Cisco Fixes DoS, Authentication Bypass Vulnerabilities, OSPF Bug

Cisco fixed two high severity vulnerabilities in two products this week that could have let an attacker trigger a denial of service condition or bypass local authentication.

Cisco fixed 15 vulnerabilities this week in more than a dozen products, including two high severity vulnerabilities that could have let an attacker trigger a denial of service condition or bypass local authentication.

The more severe bugs fixed on Wednesday exist in the company’s Identity Services Engine and its Videoscape Distribution Suite. The bypass, which exists in ISE, a network administration product, stems from the improper handling of authentication requests and policy assignment. If an attacker wanted to exploit the vulnerability they could authenticate with a valid external user account that matches an internal username and incorrectly receive the authorization policy of the internal account. If successful the exploit would grant the attacker Super Admin privileges for the engine’s admin portal, Cisco said.

The denial of service vulnerability, which affects VDS, a virtual video infrastructure solution, is tied to the fact that too much stress can be put on the system. In some situations, excessive mapped connections can exhaust allotted resources. If an attacker sent a large amount of traffic to the device, they could easily overload the resources, something that could cause the device to reload, Cisco said in a security advisory Wednesday.

The company fixed a handful of other low lying issues on Wednesday, including four cross-site scripting vulnerabilities, a cross-site request forgery vulnerability, two SQL vulnerabilities, and a directory traversal vulnerability.

Cisco also warned on Thursday that several of its products are vulnerable to a bug involving Open Shortest Path First (OSPF), a routing protocol for IP networks.

Based on Cisco’s description of the bug, it sounds as if several conditions would need to be in place, something that would make the vulnerability difficult to exploit.

“To exploit this vulnerability, an attacker must accurately determine certain parameters within the LSA database on the target router,” Cisco warned. “This vulnerability can only be triggered by sending crafted unicast or multicast OSPF LSA type 1 packets. No other LSA type packets can trigger this vulnerability.”

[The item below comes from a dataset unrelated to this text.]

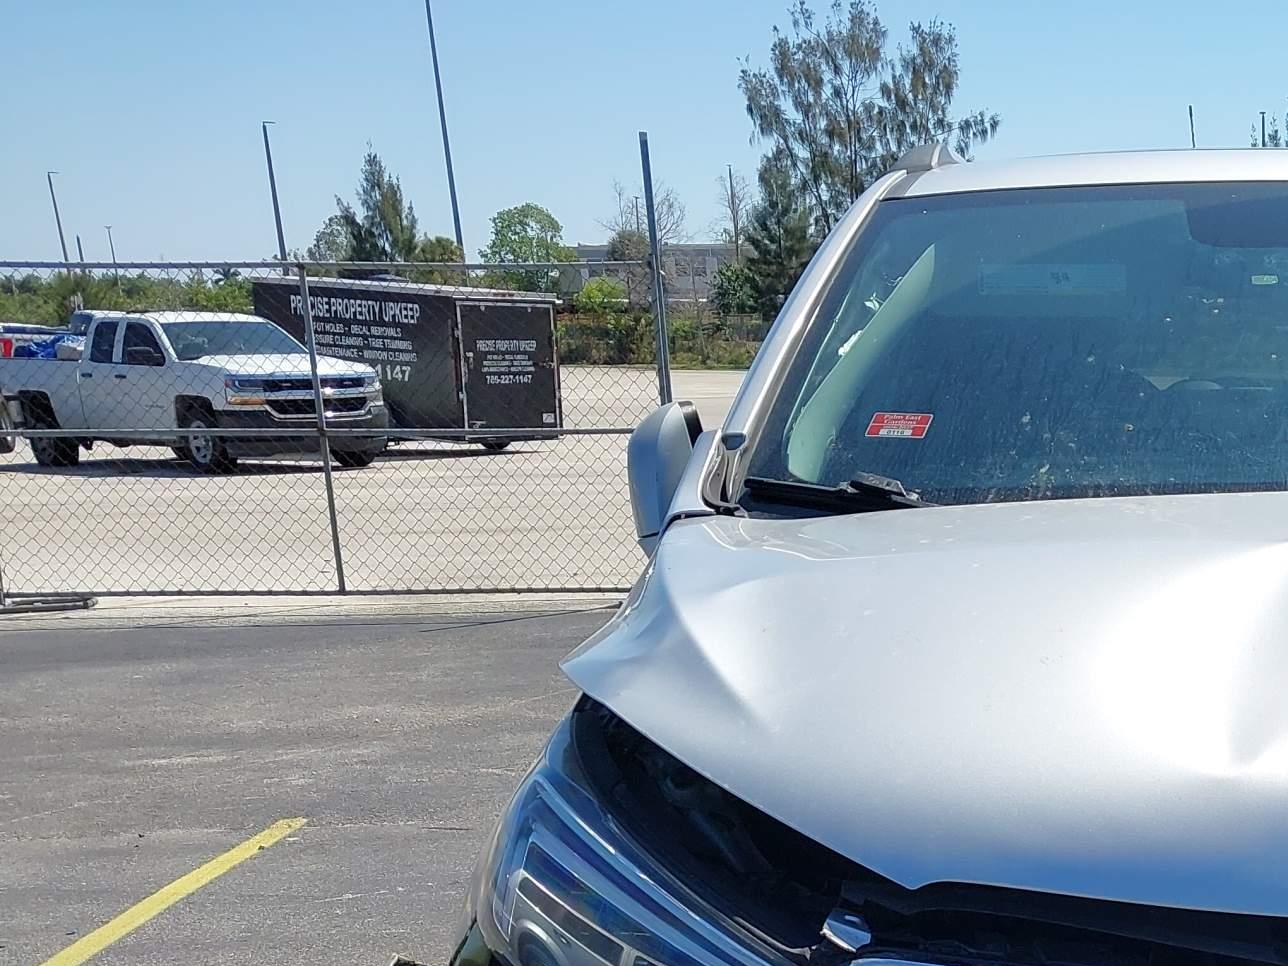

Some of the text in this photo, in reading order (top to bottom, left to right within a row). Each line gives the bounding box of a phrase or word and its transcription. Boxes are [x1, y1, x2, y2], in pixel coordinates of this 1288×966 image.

The company pushed patches for affected products, including devices running IOS or IOS XE that are configured for OSPF, devices running NX-OS and configured for OSPF, and devices running Adaptive Security Appliance (ASA) software configured for OSPF, on Thursday.

The company says devices that don’t have OSPF enabled aren’t affected, nor are the following Cisco products:

  • Cisco IOS XR Software
  • Cisco StarOS Software
  • Cisco Connected Grid Routers
  • Cisco Nexus 1000v Series

If exploited Cisco warns the OSPF vulnerability could let an unauthenticated remote attacker take control of a OSPF domain routing table by injecting crafted OSPF packets. If successful, an exploit could in turn let an attacker intercept or blackhole traffic.

According to NIST’s National Vulnerability Database the vulnerability (CVE-2017-1460) also affects versions 6.1, 7.1, 7.2, and 7.3 of IBM’s i OSPF platform.

IBM fixed the vulnerability, which it claims could be exploited when a rogue router spoofs its origin, last week. A program temporary fix (PTF) for all versions is obtainable via IBM’s FixCentral portal.